▸ **Task to complete**: Leave out the pictures, and retype the remaining data exactly.

▸ **Data provided**:
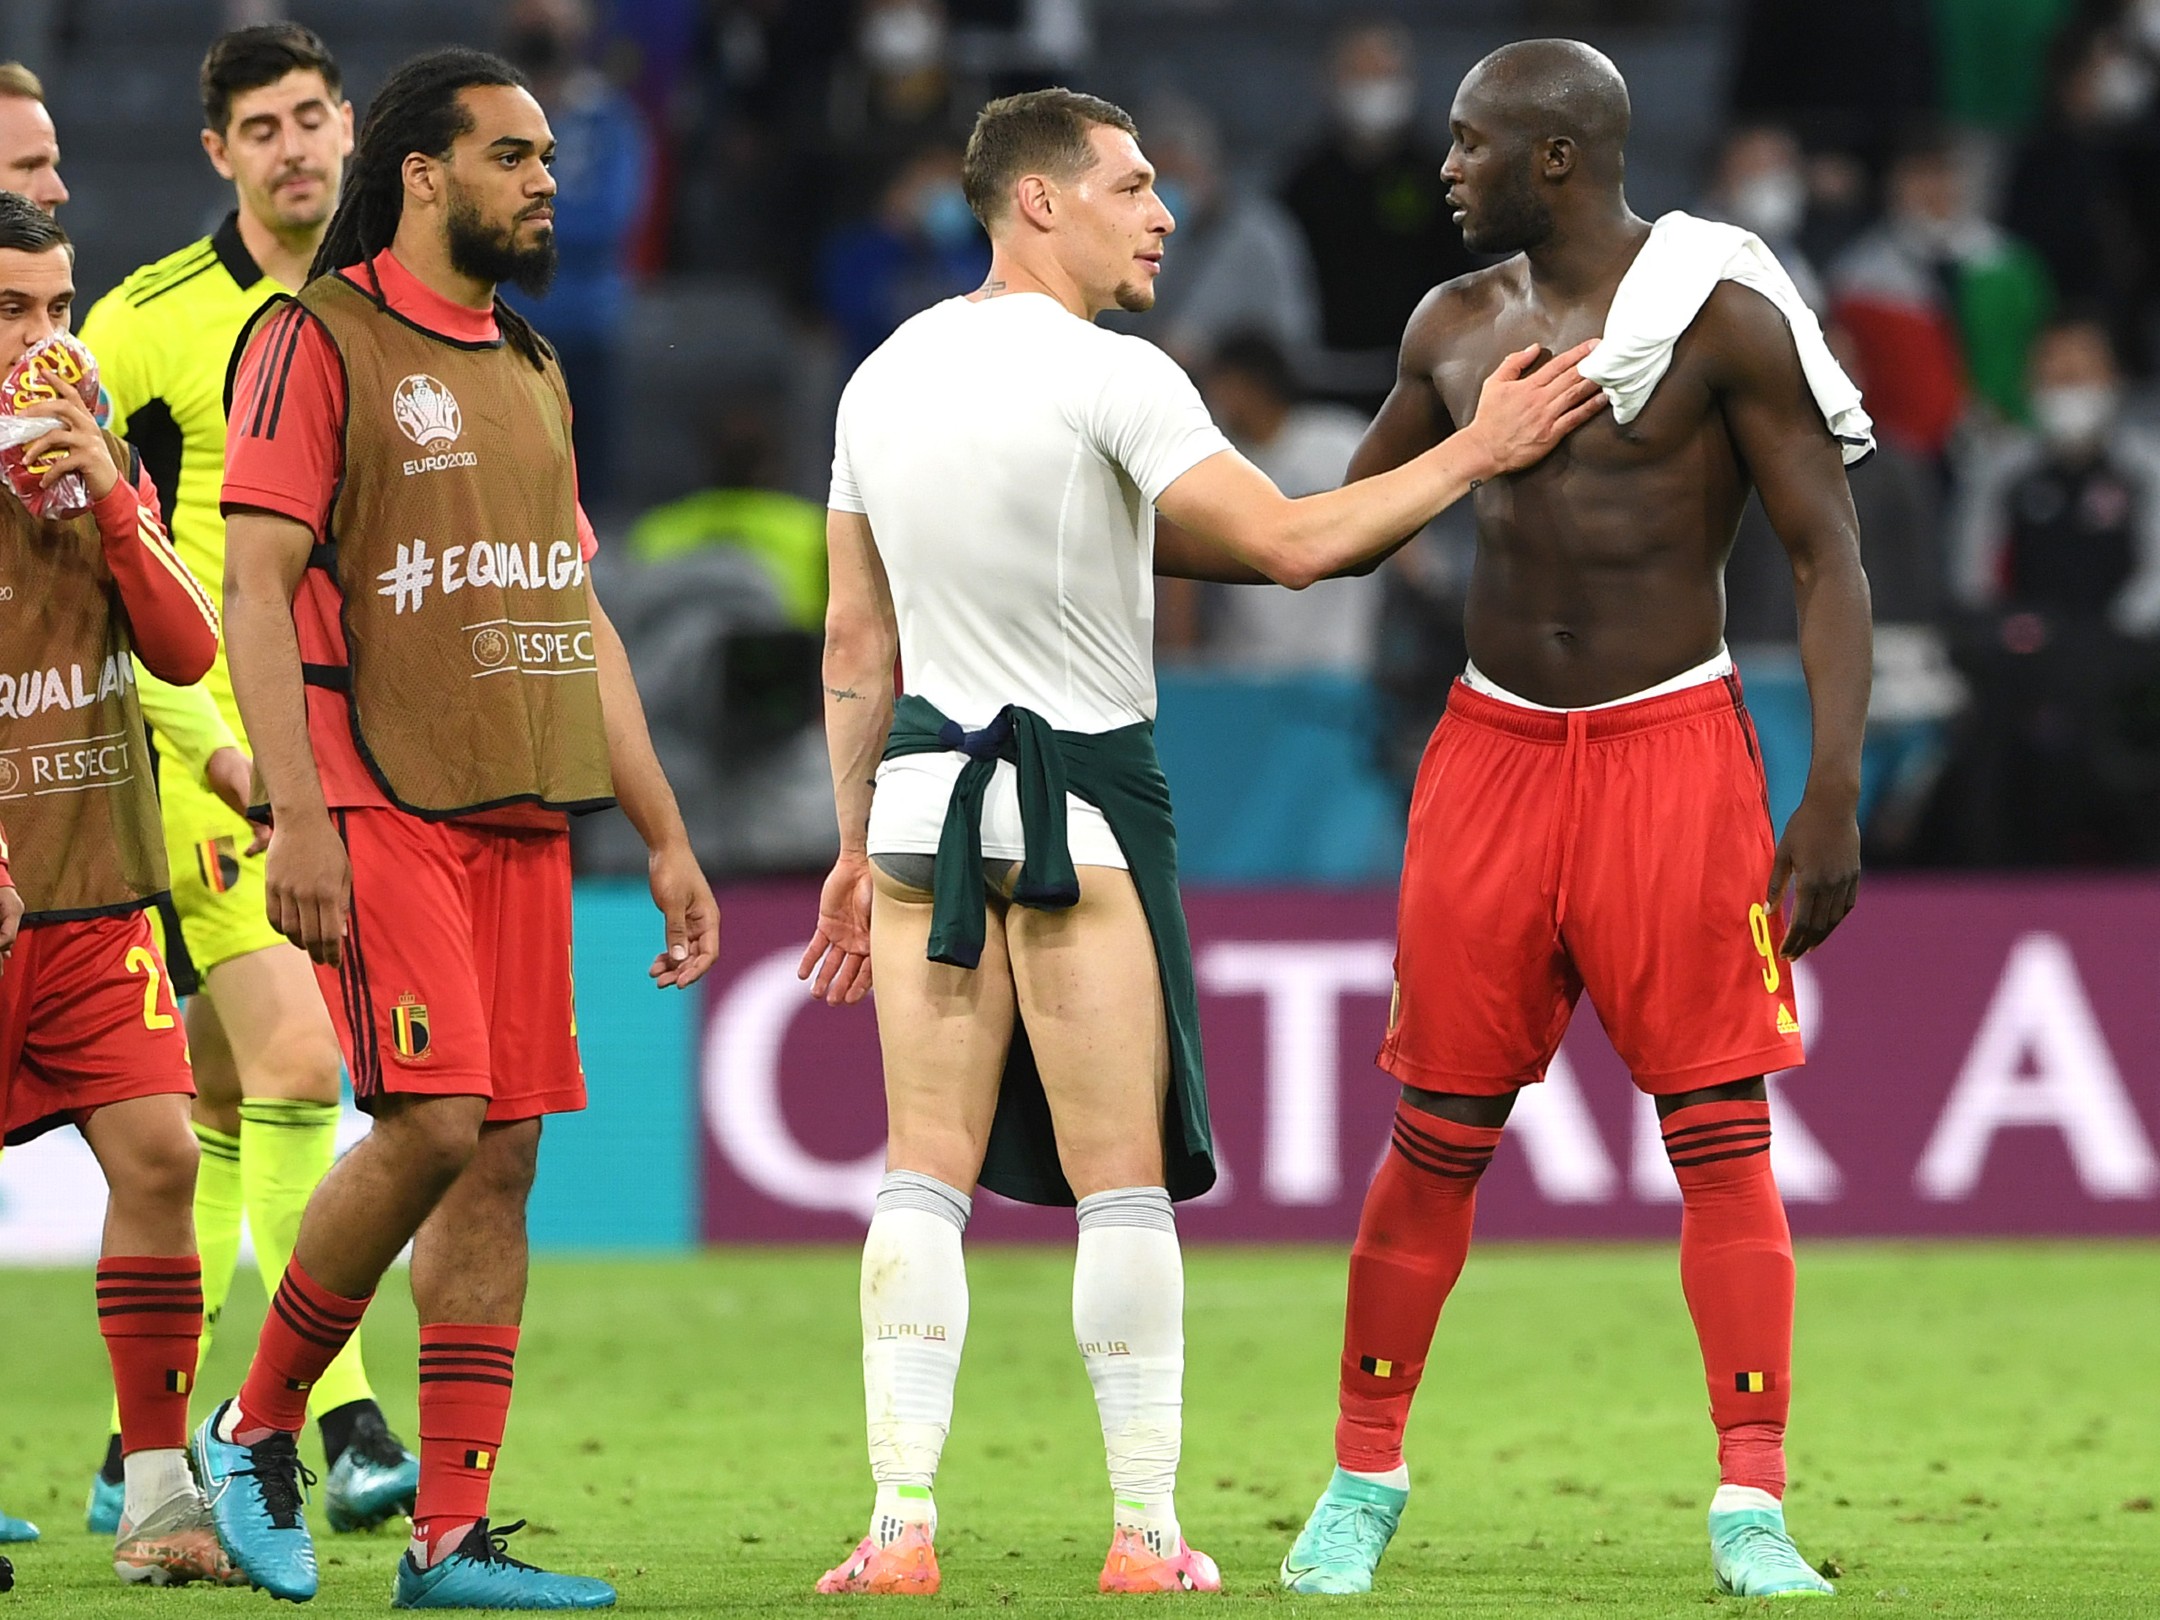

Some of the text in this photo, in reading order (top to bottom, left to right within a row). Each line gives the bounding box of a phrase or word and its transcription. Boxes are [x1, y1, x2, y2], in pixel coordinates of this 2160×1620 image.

[32, 742, 128, 784] RESECT
[1749, 903, 1779, 993] 9
[125, 946, 178, 1030] 2
[878, 1324, 946, 1338] ITALIA

▸ **Your response**:
Some of the text in this photo, in reading order (top to bottom, left to right within a row). Each line gives the bounding box of a phrase or word and its transcription. Boxes are [x1, y1, x2, y2], in pixel coordinates of this 2160×1620 image.

[32, 742, 128, 784] RESECT
[1749, 903, 1779, 993] 9
[125, 946, 178, 1030] 2
[878, 1324, 946, 1338] ITALIA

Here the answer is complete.